Humanos tiveram filhos com neandertais
da Folha de São Paulo
Genoma de primo mais próximo da humanidade revela que europeus e asiáticos têm até 4% de DNA desse hominídeo extinto
Cruzamento teria ocorrido 50 mil anos atrás, quando grupos de "Homo sapiens" saídos da África chegaram ao Oriente Médio pela 1ª vez
À luz da fogueira, ele acariciou a pele clara, as pernas curtas e as madeixas ruivas da moça. Tudo nela contrastava com a tez escura e o porte esguio de seu amante. Os descendentes do encontro improvável, 50 mil anos depois, ainda estão por aí.
E não é uma família pequena: são todos os seres humanos modernos fora da África, cujo DNA carrega uma contribuição pequena, mas considerável (entre 1% e 4%), dos neandertais, primos extintos do homem.
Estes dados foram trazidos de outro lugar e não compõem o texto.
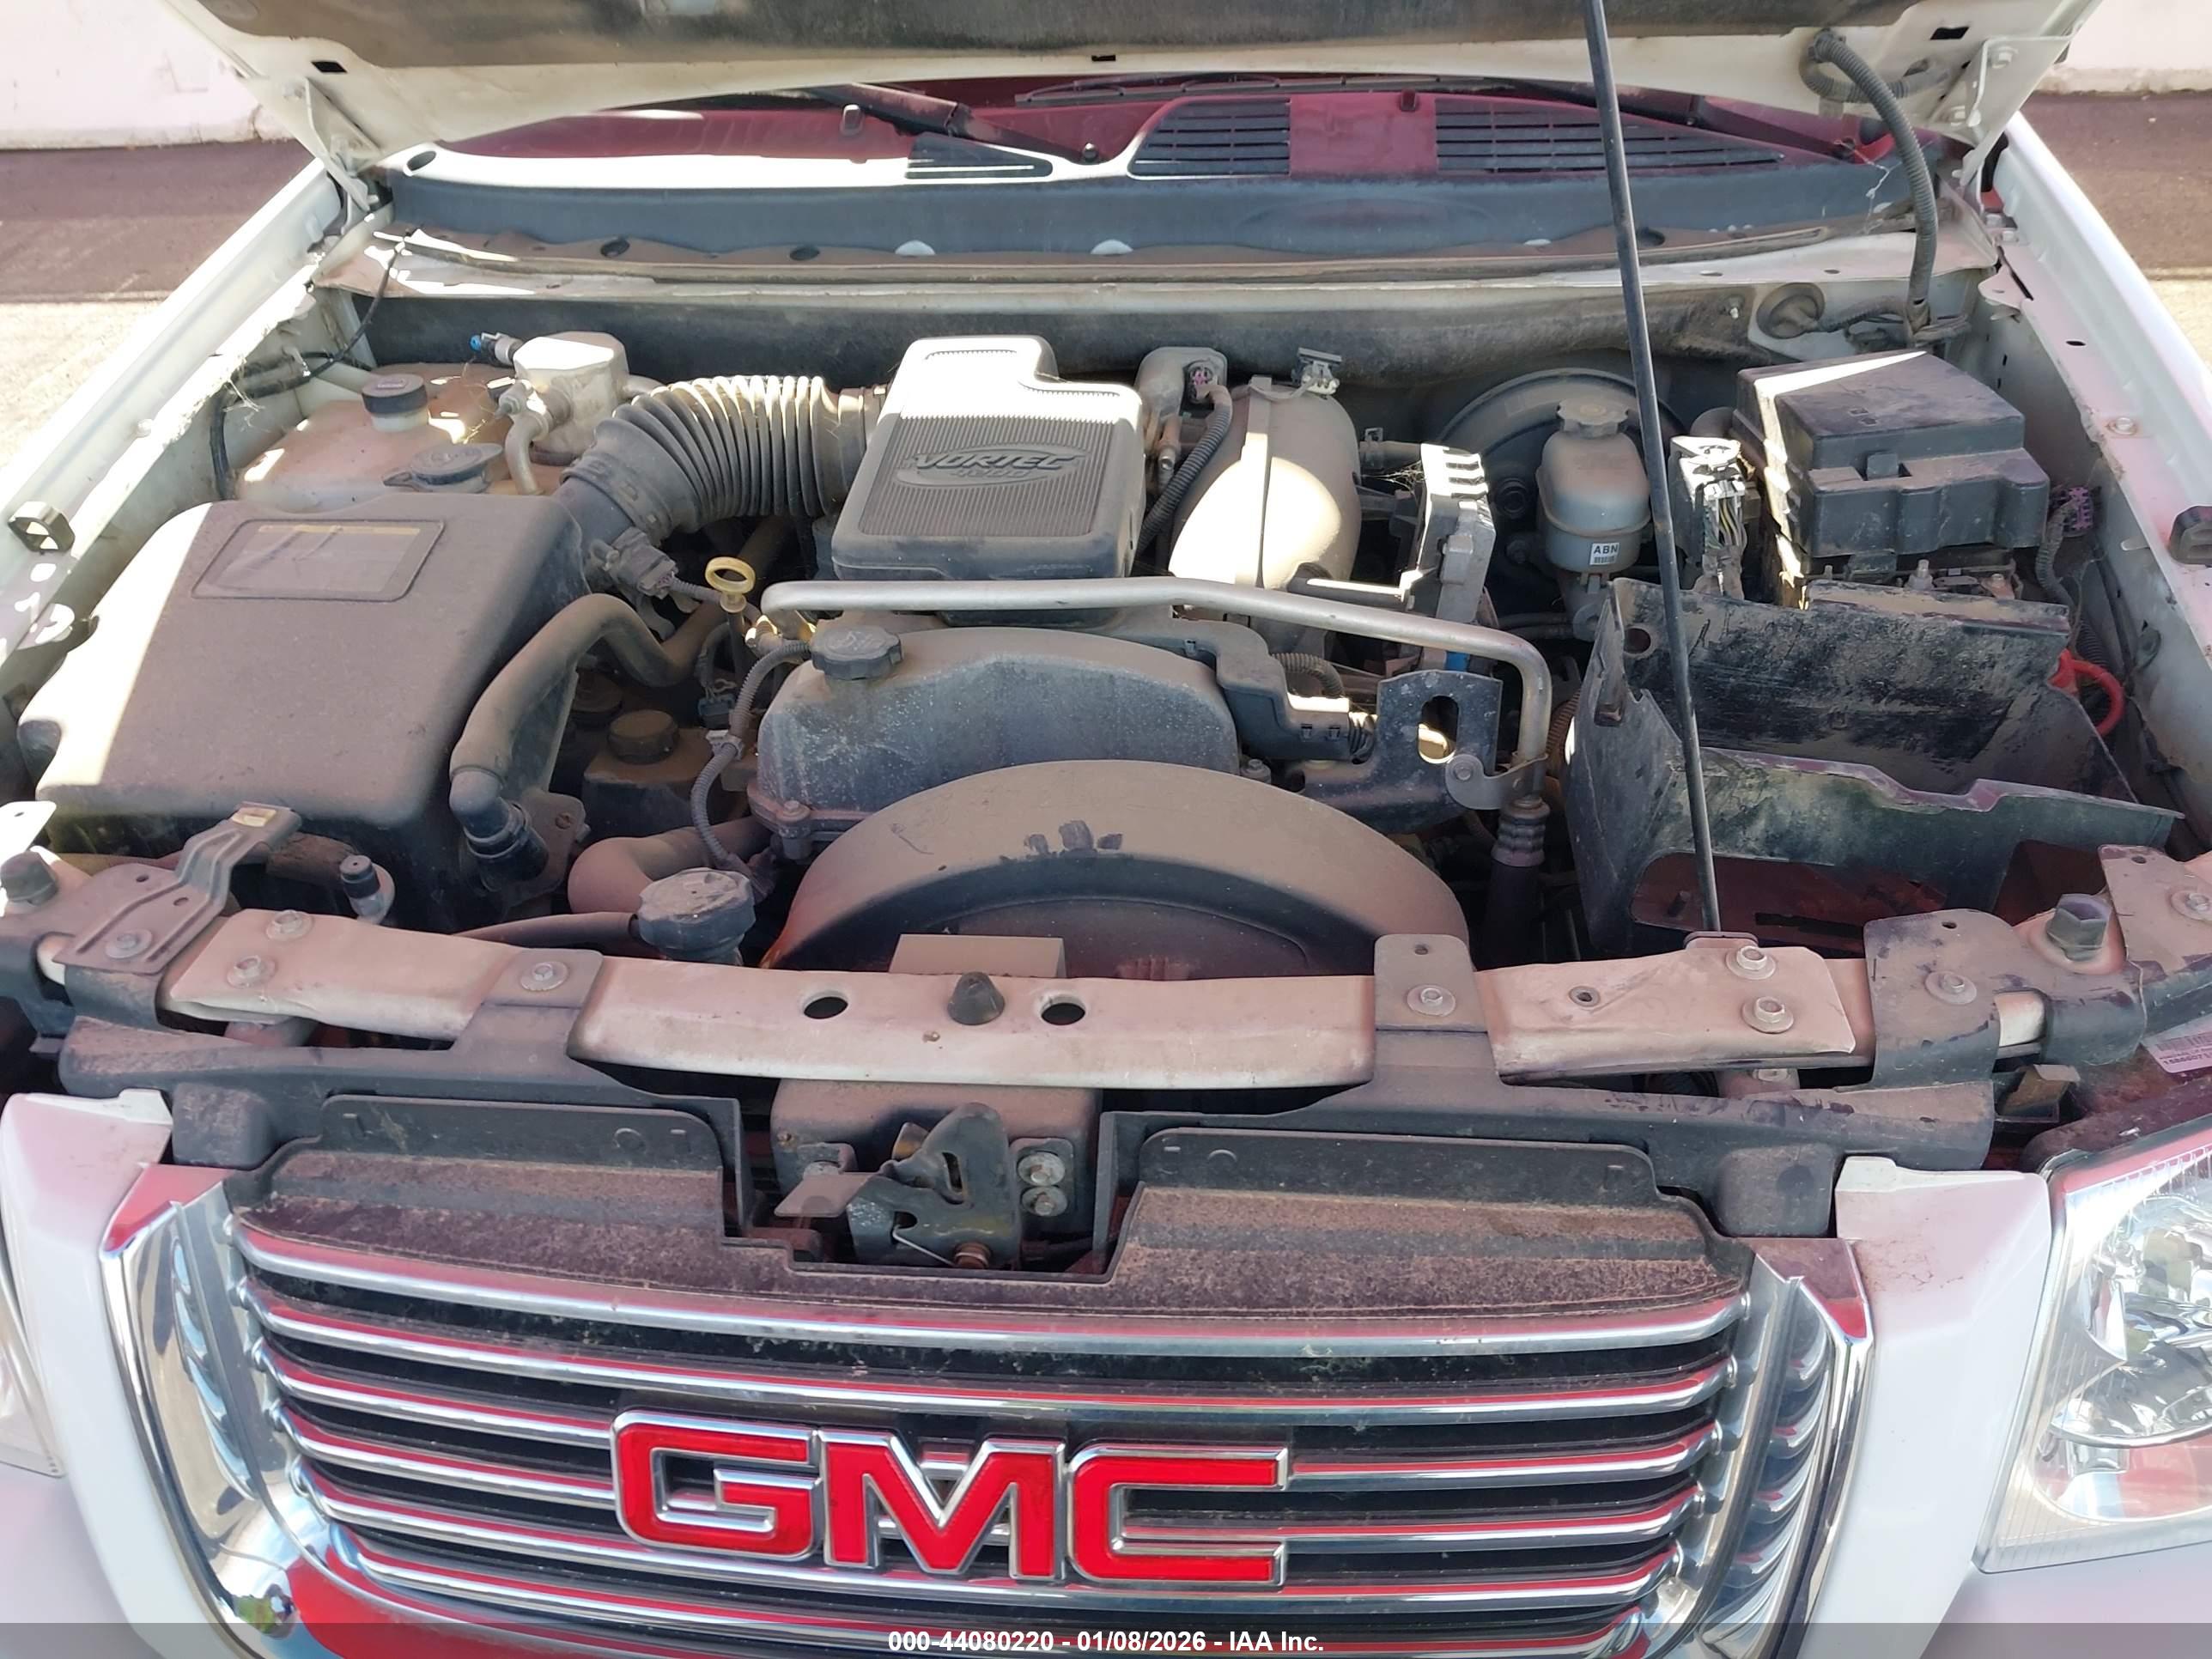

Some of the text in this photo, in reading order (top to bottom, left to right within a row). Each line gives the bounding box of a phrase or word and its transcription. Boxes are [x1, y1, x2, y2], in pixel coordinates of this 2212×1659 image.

A ruiva e o moreno do romance acima representam os neandertais e o Homo sapiens.
O dado vem da primeira análise de fôlego do genoma neandertal, publicada na edição de hoje da revista "Science".
Ele surpreende porque, até agora, achava-se que a história dos neandertais tivesse acabado em guerra e não em amor: eles foram extintos há 25 mil anos, após milênios de competição com os tecnologicamente avançados sapiens.
Um grupo de cientistas liderados por Svante Pääbo, do Instituto Max Planck de Antropologia Evolutiva, na Alemanha, conseguiu usar o material genético de três fósseis da espécie extinta para ler cerca de dois terços de seu genoma.
O DNA neandertal foi comparado com as "letras" químicas totalmente decifradas de chimpanzés e humanos. Entraram na comparação cinco outros genomas de pessoas vivas.
Tais doadores (dois africanos, um papuano, um chinês e um francês) representam quase toda a diversidade genética da humanidade atual.
Passo seguinte: alinhar os bilhões de letrinhas dos genomas. É como escrever a mesma frase várias vezes, uma frase embaixo da outra, levando em conta que acontecerão erros de cópia do texto (mutações).
Se humanos e neandertais não cruzaram depois da separação de suas linhagens, todos os humanos modernos deveriam ter o mesmo texto genético em relação ao DNA do neandertal. Mas não é o que acontece, como explicou à Folha o antropólogo John Hawks, da Universidade de Wisconsin, EUA.
"Em vários casos, quando há uma diferença entre o genoma de um africano e o de um não africano, a versão das populações que não são originárias da África bate com a dos neandertais", diz ele. "O único jeito de explicar esses dados é por cruzamento", continua.